# Acceleration/Speed Problem

1. Dec 30, 2012

### theultimate6

1. The problem statement, all variables and given/known data
A 108 m long train starts from rest (at t = 0) and accelerates uniformly. At the same time (at t = 0), a car moving with constant speed in the same direction reaches the back end of the train. At t = 12 s the car reaches the front of the train. However, the train continues to speed up and pulls ahead of the car. At t = 32 s, the car is left behind the train. Determine,
a. the car’s speed
b. the trains acceleration

3. The attempt at a solution
When the car reached the front of the train it moved a distance of $$x+108$$ where x is the distance covered by the train

from $$x=Vot+0.5at^2$$

$$x=0.5at^2 =0.5*a*12^2 =72a$$

the distance covered by the car in the first 12 seconds is $$72a+108$$

that means its speed is
$$v=x/t = (72a+108)/12 =6a+9$$

by 32 seconds the car has moved a distance of

$$x=vt$$
$$=(6a+9) *(32-12) =20(6a+9)=120a+180$$

the train covered this distance + 108 meters:
distance covered by the train : $$120a+180+108 =120a+288$$

the distance covered by the train is also

$$V+0.5a*20^2+108$$

Where $$V= 72a$$

Therefore : $$72a+0.5a*20^2+108=120a+288$$

Solving for $$a$$ we get

$$a=0.5263 m/s^2$$

therefore $$V_c =12.1578 m/s$$

2. Dec 30, 2012

### SammyS

Staff Emeritus
What you have below occurs during the time from the 12 second mark to the 32 second mark.
You should not have added the 108 in the above equation.

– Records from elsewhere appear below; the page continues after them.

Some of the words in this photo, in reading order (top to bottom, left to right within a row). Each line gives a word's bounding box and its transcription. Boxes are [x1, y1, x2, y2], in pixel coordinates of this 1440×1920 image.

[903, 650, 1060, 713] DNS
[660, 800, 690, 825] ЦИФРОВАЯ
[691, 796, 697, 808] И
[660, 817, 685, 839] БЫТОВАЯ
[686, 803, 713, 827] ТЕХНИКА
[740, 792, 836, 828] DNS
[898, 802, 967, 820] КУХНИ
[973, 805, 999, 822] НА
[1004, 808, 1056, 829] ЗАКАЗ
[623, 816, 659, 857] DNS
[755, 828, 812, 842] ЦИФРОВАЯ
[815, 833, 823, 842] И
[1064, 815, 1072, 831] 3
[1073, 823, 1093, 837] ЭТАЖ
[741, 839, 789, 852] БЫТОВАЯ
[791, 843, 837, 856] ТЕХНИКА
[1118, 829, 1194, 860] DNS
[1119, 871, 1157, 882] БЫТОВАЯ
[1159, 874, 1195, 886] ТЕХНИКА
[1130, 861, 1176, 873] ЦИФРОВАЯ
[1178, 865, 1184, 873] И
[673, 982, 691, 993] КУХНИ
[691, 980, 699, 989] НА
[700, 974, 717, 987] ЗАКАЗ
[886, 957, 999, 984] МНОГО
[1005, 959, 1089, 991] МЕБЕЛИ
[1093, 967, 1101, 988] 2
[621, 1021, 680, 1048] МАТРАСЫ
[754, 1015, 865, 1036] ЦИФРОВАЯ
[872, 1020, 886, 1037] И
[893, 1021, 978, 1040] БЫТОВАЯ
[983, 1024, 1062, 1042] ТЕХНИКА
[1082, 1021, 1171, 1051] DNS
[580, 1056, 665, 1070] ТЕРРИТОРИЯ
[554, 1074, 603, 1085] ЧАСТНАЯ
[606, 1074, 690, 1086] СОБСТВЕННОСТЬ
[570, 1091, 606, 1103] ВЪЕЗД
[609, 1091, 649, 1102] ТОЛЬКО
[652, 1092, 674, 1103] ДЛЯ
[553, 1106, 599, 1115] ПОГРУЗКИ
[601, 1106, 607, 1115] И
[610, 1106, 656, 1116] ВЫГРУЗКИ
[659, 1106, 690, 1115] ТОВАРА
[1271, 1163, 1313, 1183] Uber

What you have for the following velocity is actually the distance the train traveled during the first 12 seconds.

The train's velocity at the 12 second mark is the same as the car's velocity (Do you know why?) and is given by $\ \ V=6a+9\ .$
Instead of considering the situation from the 12 second mark to the 32 second mark, you could have ised the fact that from the 0 second mark to the 32 second mark, both the car and train travel the same distance.